時折、神仏の来客があるとはいえ、この時のお客様が神社の入り口に立っておられたのを見たときそれは驚きましたとも。
「お久しぶりでございます。このような遠いところまで、お一人でおいでですか?」
「ええ。あたしに付き添ってくれるような方はいませんわ」
どんよりとした空気を醸し出している女神様のご様子は、ただごとではありません。
「さあ、どうぞお入りください。
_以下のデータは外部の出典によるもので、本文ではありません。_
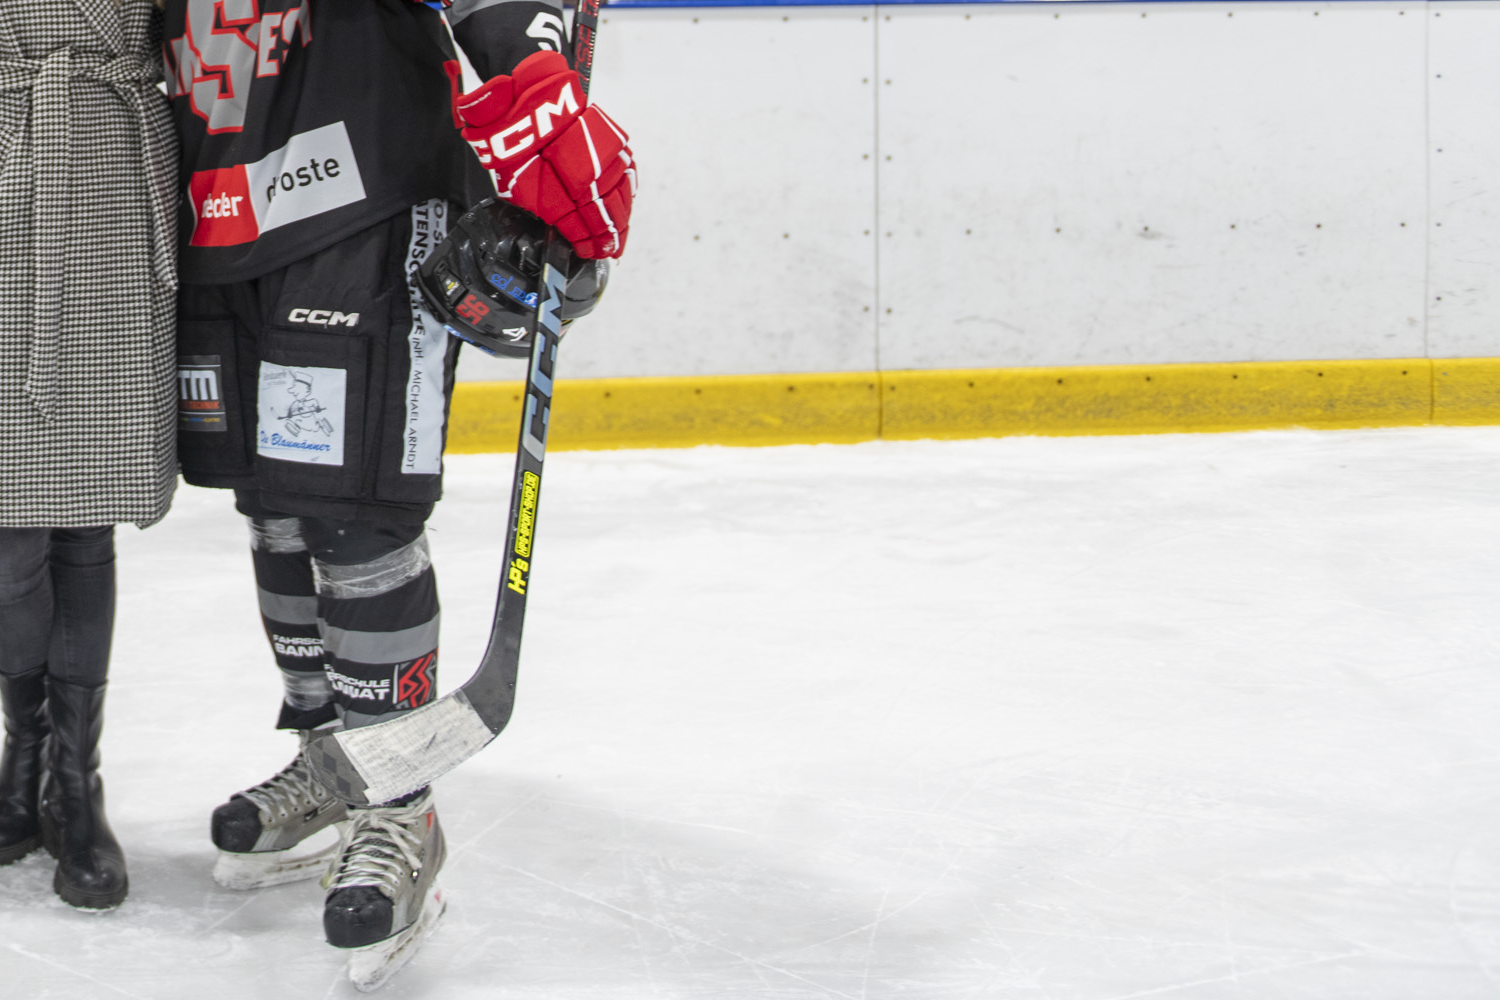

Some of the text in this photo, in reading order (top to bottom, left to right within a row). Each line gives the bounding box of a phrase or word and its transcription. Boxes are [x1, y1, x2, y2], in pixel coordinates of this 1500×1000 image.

[468, 81, 580, 164] CCM
[287, 308, 360, 327] CCM
[522, 263, 568, 462] CCM
[410, 370, 422, 424] MICHAEL
[271, 432, 331, 452] Blaumänner
[405, 427, 418, 469] ARNDT
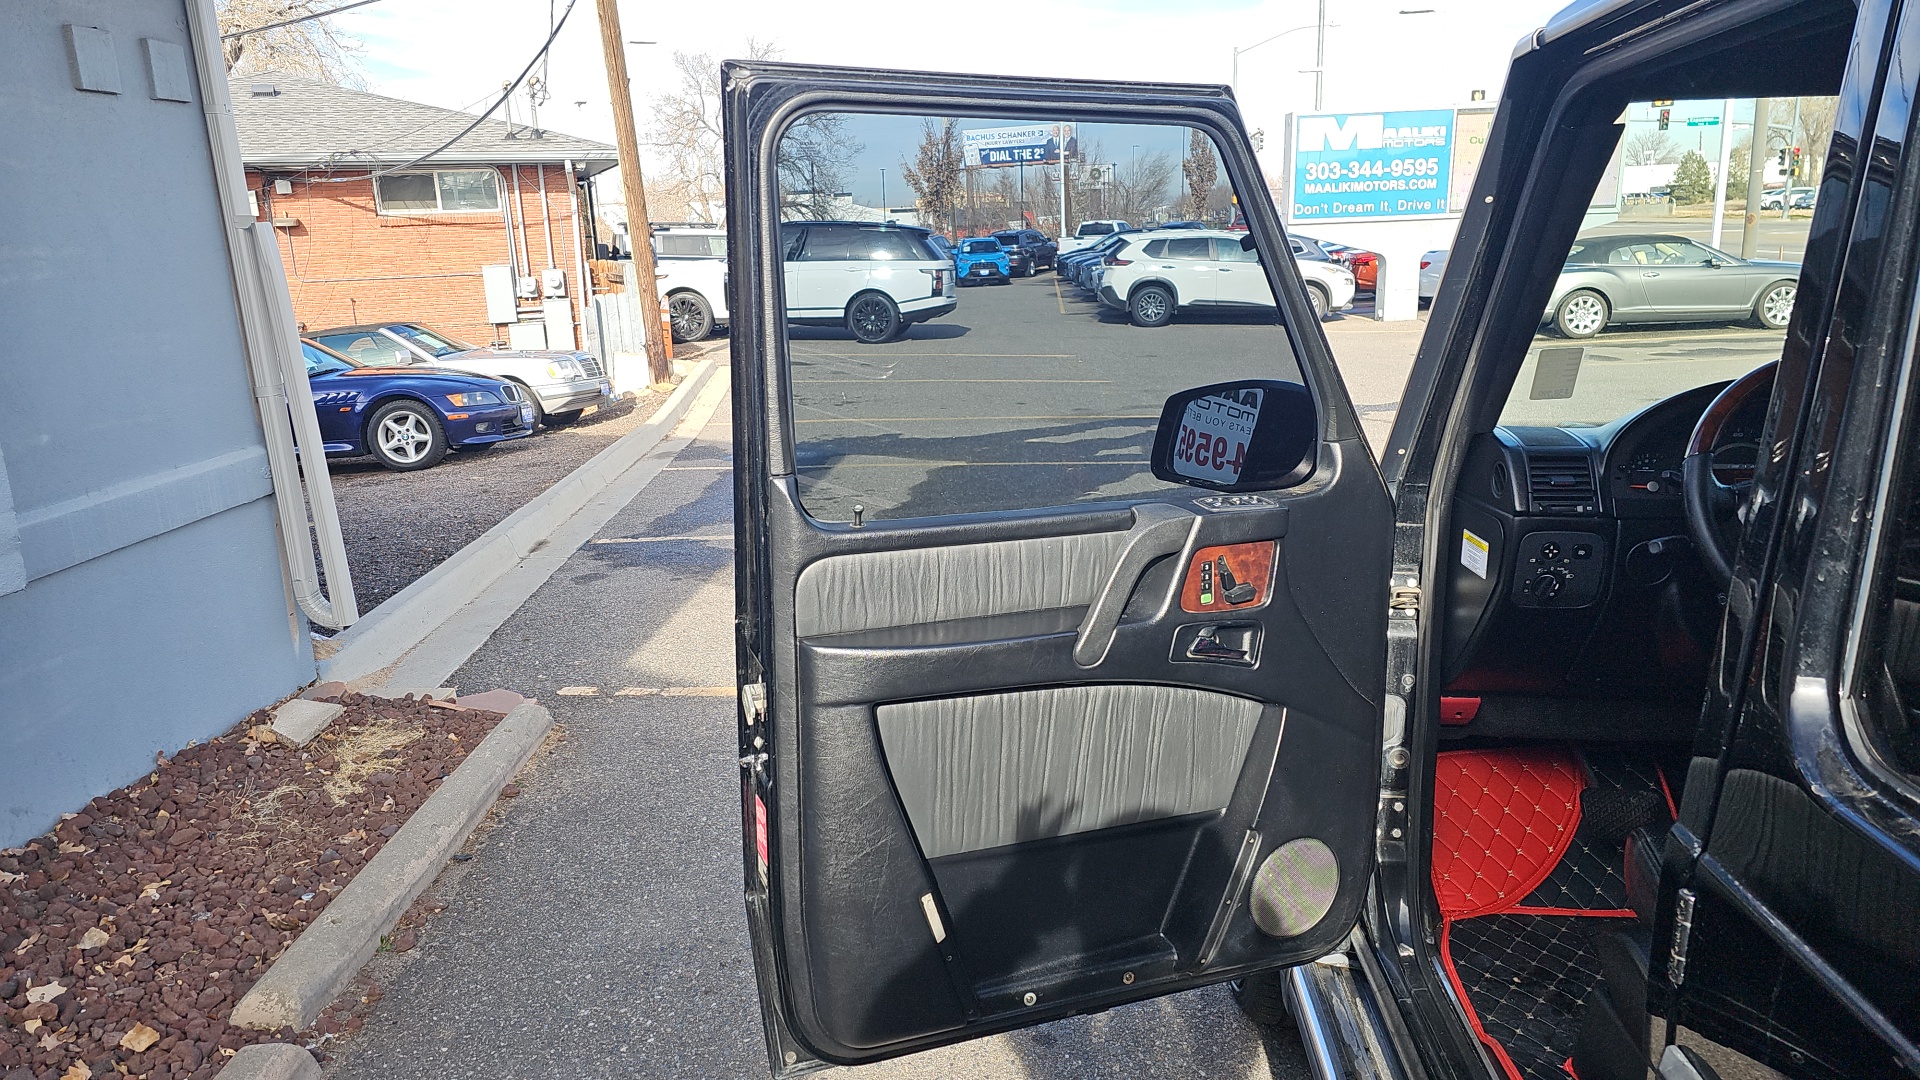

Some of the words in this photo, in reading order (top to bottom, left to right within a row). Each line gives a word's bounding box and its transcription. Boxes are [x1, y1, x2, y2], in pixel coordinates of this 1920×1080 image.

[966, 133, 995, 142] BACHUS
[997, 130, 1036, 140] SCHANKER
[1382, 138, 1446, 148] MOTORS
[989, 149, 1012, 162] DIAL
[1013, 148, 1033, 161] THE
[1305, 157, 1439, 181] 303-344-9595
[1304, 178, 1438, 194] MAALIKIMOTORS.COM
[1294, 203, 1329, 215] Don't
[1333, 202, 1375, 214] Dream
[1397, 199, 1431, 211] Drive
中でゆっくりお話ししましょう」
応接間のソファに座っていただき、ちょうど出雲から届いた紅茶をお出しして、わたくしも向かい側に座りました。
「どうされました、ヤサカトメノカミ(八坂刀売神)? 諏訪からはるばるお一人で来られたのは、何か深刻なお悩みが?」
この方、諏訪大社の下社にお住まいの女神様で、タケミナカタノカミ(建御名方神)の奥様です。
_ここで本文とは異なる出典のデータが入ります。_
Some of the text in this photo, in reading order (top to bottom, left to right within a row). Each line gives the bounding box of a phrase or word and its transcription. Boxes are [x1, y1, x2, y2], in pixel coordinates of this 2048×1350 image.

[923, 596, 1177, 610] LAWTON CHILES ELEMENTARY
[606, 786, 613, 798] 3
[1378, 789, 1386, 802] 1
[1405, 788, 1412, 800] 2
女神様は紅茶を召し上がられ、暗い目でこちらをご覧になられました。
「御神渡って知っていますか?」
「見たことはございませんが聞いたことはございます。確か冬に凍った諏訪湖に亀裂が入るんですよね。上社にお住まいのタケミナカタノカミがあなたを訪ねて下社に行かれた跡だとか……」
「ええ。そうなの。で、その御神渡って何回くらいあるか知っているかしら?」
「さあ? 一冬に数回くらいでしょうか」
女神様は大きくうなずかれました。
「そうなの。本当に数回よ、その年によるけれど」
「さようでございますか」
相づちを打ちつつも、内心では不思議でなりませんでした。
なぜまた、諏訪の御神渡の回数を因幡までクイズ形式で話にいらしたのでしょう?
わたくしの疑問が顔に出たのか、ヤサカトメノカミはカップをソーサーに戻し、どんよりした空気をいっそう濃くしておっしゃいました。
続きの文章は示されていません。